Mammalian DNA methylation
Our research program focuses on mechanistic understanding of protein machineries mediating key cellular activities, including epigenetic regulation. Epigenetics is a rapidly developing field that investigates how inheritable information beyond DNA sequence, such as chromatin modifications and non-coding RNAs, influences chromatin structure and function. Epigenetic modifications, including DNA methylation and histone modifications, regulate a broad spectrum of nuclear functions, including transcription, DNA replication and repair. Genomic patterns of DNA methylation and histone modifications are dynamically regulated by a set of chromatin modifiers, whose dysregulation is linked to many human diseases, such as cancer. We are particularly interested in mechanistic understanding of how DNA methylation machineries establish and maintain specific DNA methylation patterns, and how different histone modifications are recognized by distinct “reader” proteins to initiate downstream signaling.

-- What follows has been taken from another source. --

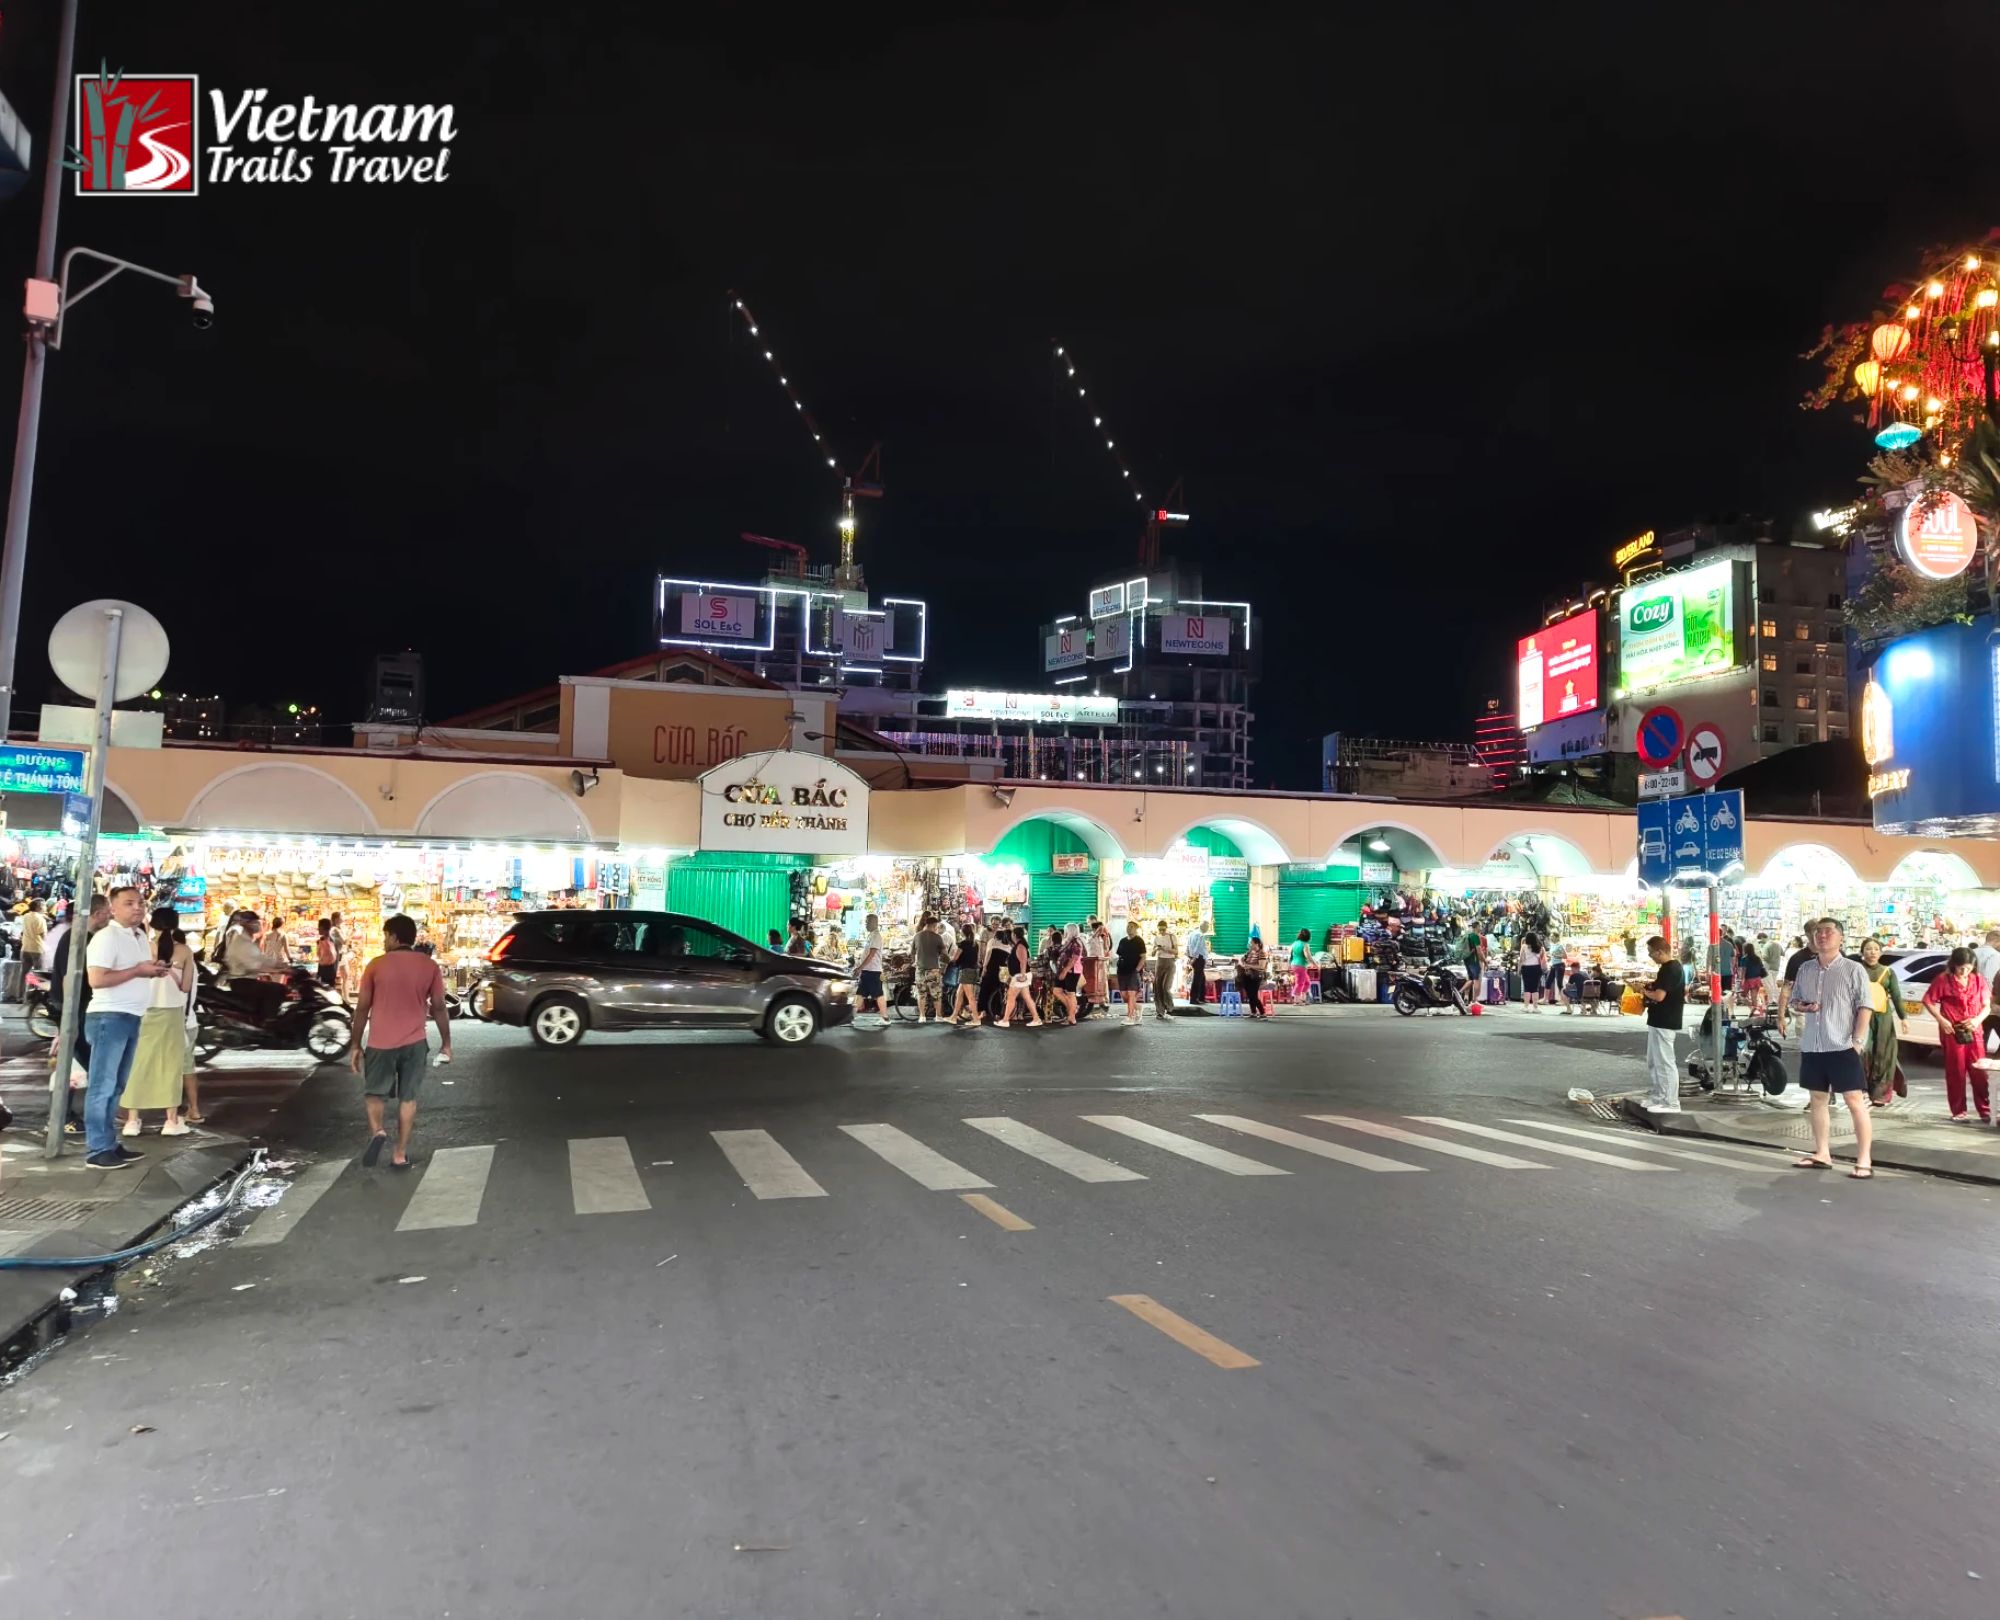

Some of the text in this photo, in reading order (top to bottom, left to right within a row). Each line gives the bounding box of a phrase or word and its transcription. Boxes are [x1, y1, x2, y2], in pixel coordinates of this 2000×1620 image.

The battle between host and pathogen ultimately depends on the interaction between virulence proteins and host defense factors. We are interested in understanding how pathogen-host interactions influence viral infection and cellular activities, through structural, dynamic and functional characterizations of protein complexes that are important for pathogen infection or host immunity. Our work in the past has led to mechanistic elucidation of one important class of bacterial effector proteins, namely YopJ effectors (Zhang et al. NSMB 2016; Zhang et al. Nat. Plants 2017). In addition, we provided structural insights into the NS5 protein of Zika virus (ZIKV) (Wang et al. Nat. Commun. 2017), a virus-unique RNA-dependent RNA polymerase, as well as the molecular basis for the functional antagonism between ZIKV NS5 and human transcription factor STAT2 (Figure on right) (Wang et al. NSMB, 2020). Currently, we strive to determine the regulatory mechanism of viral replication machinery of SARS-CoV-2. By using X-ray crystallography and cryo-EM methods, combined with computational, biochemical and cellular analyses, we aim to elucidate the molecular mechanisms underlying these molecular regulations at atomic resolution.